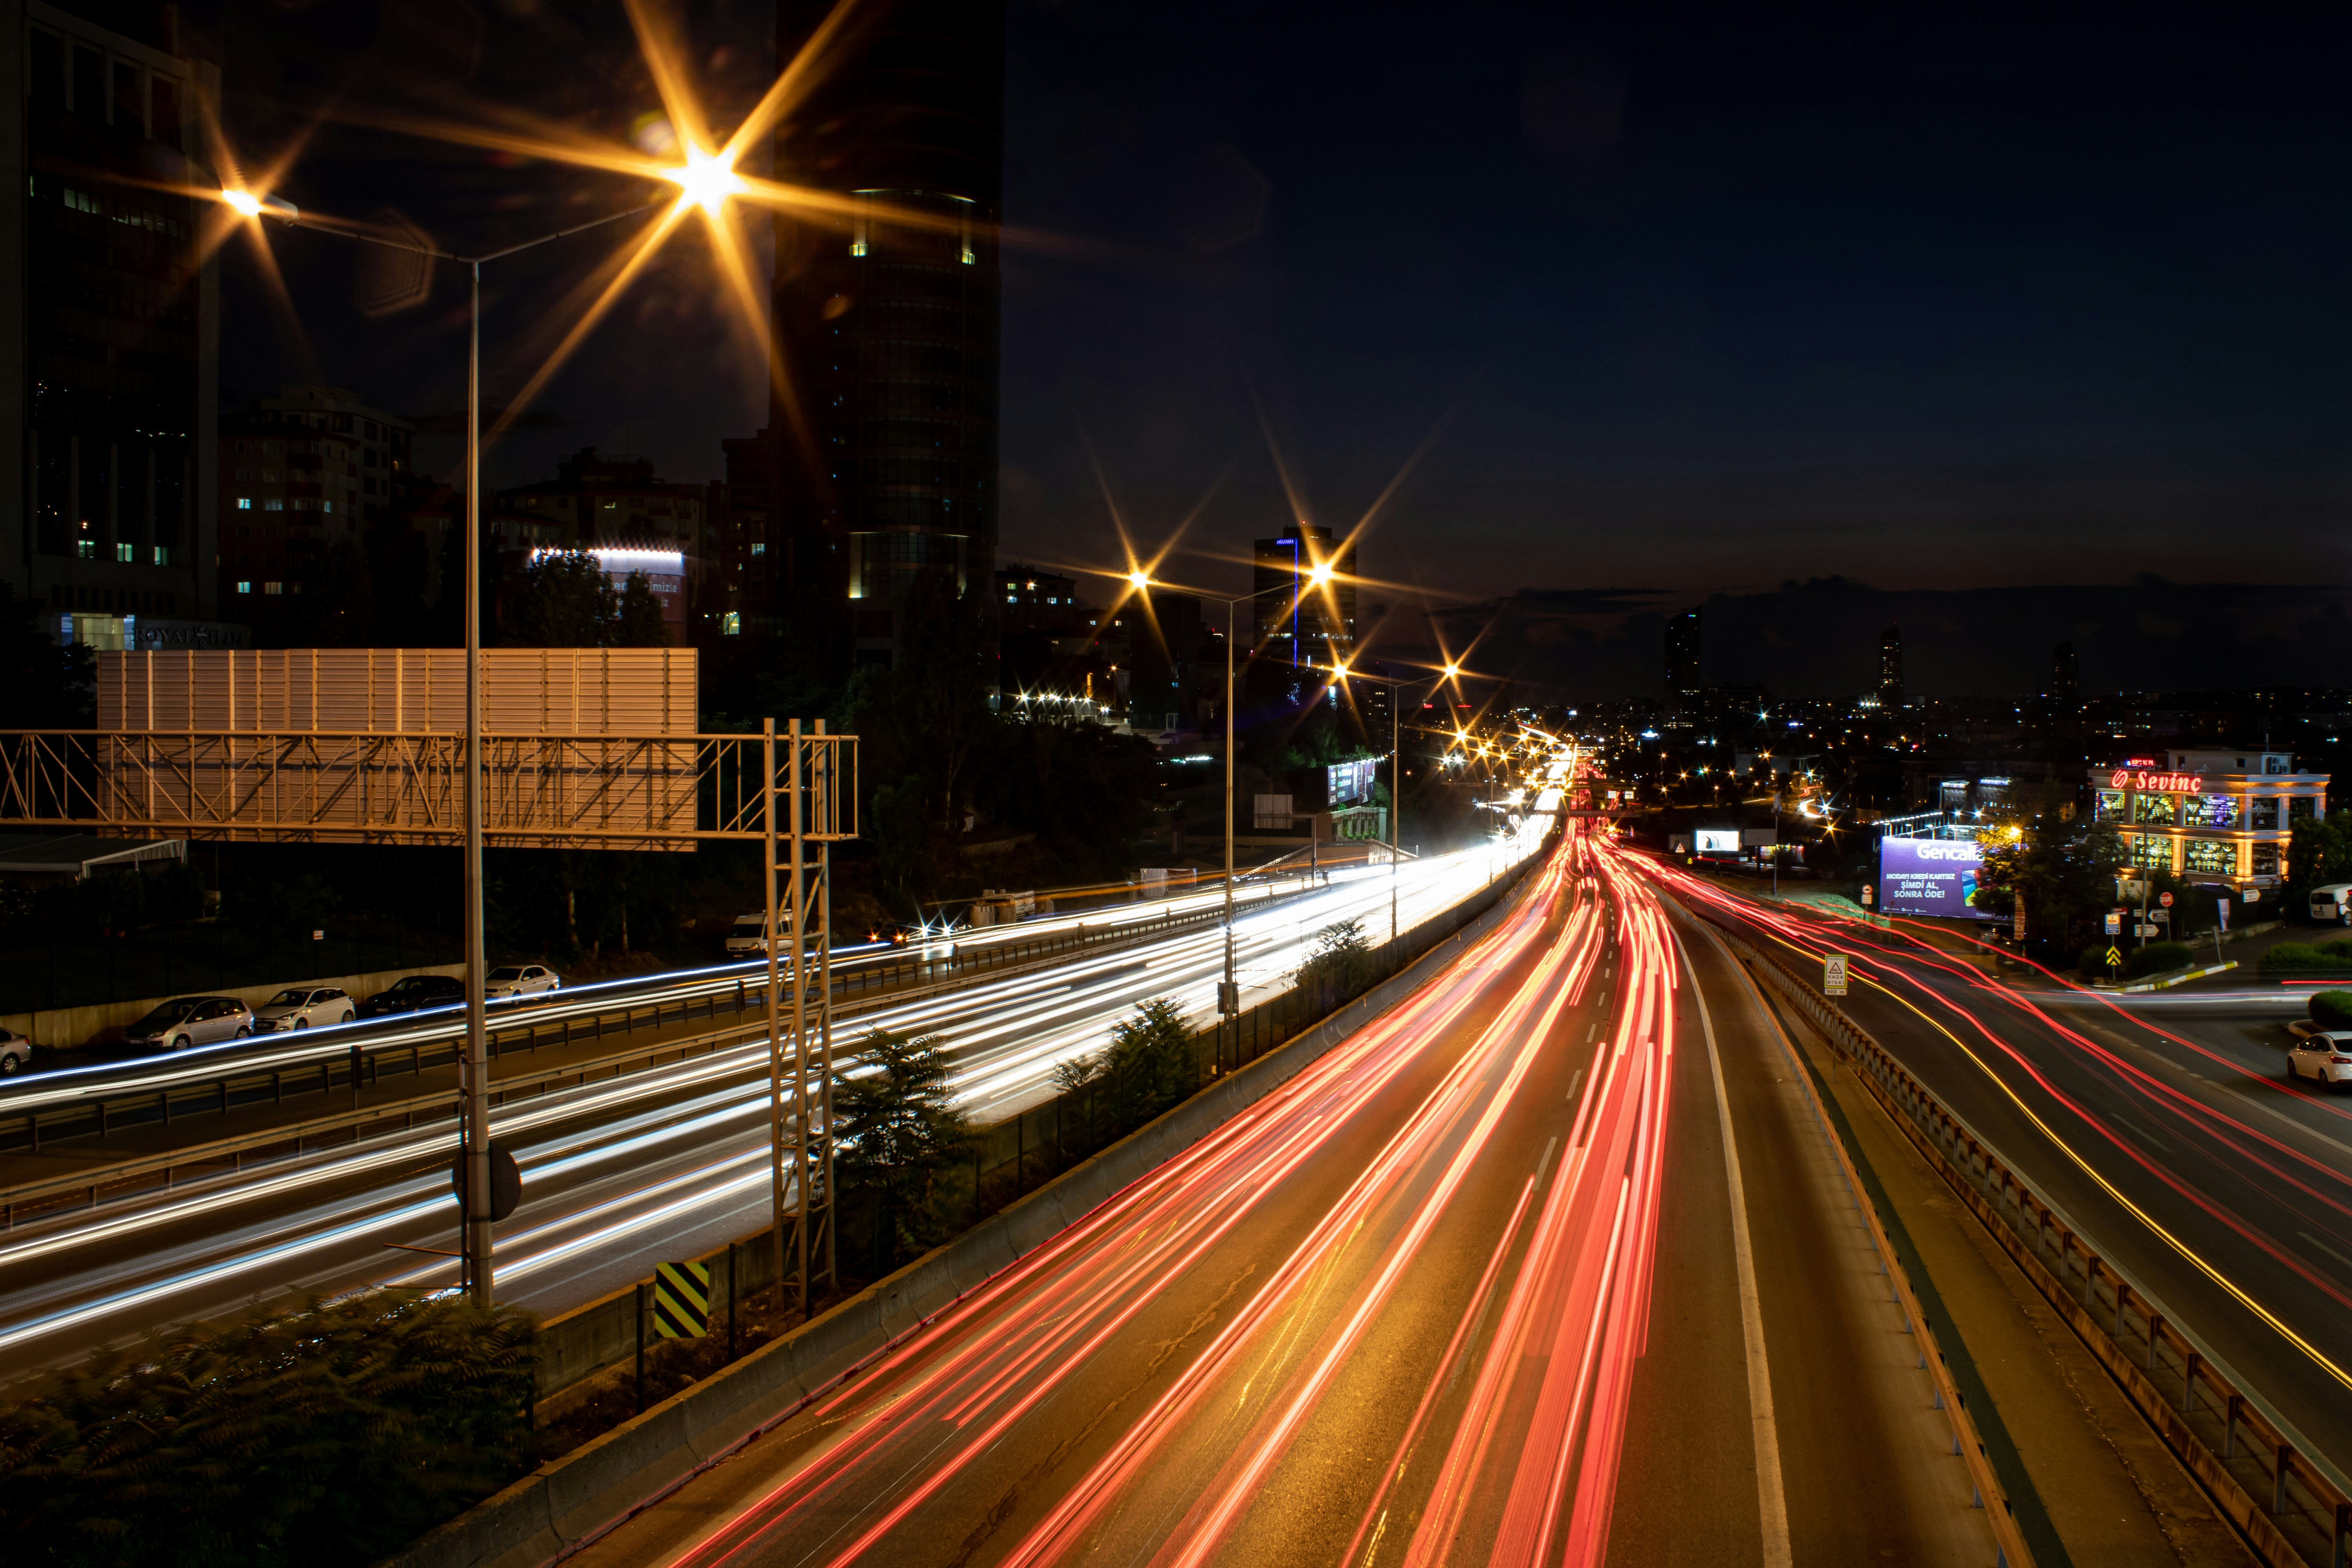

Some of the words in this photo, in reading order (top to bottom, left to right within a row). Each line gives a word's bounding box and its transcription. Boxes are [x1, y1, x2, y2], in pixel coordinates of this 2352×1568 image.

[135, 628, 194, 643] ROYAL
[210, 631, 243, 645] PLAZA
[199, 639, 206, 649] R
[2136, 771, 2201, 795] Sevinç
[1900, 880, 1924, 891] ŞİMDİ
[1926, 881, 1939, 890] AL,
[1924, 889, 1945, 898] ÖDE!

**Work instruction**
Pictures should be skipped, and the records retyped word for word.

**Problem solution**
Some of the words in this photo, in reading order (top to bottom, left to right within a row). Each line gives a word's bounding box and its transcription. Boxes are [x1, y1, x2, y2], in pixel coordinates of this 2352×1568 image.

[135, 628, 194, 643] ROYAL
[210, 631, 243, 645] PLAZA
[199, 639, 206, 649] R
[2136, 771, 2201, 795] Sevinç
[1900, 880, 1924, 891] ŞİMDİ
[1926, 881, 1939, 890] AL,
[1924, 889, 1945, 898] ÖDE!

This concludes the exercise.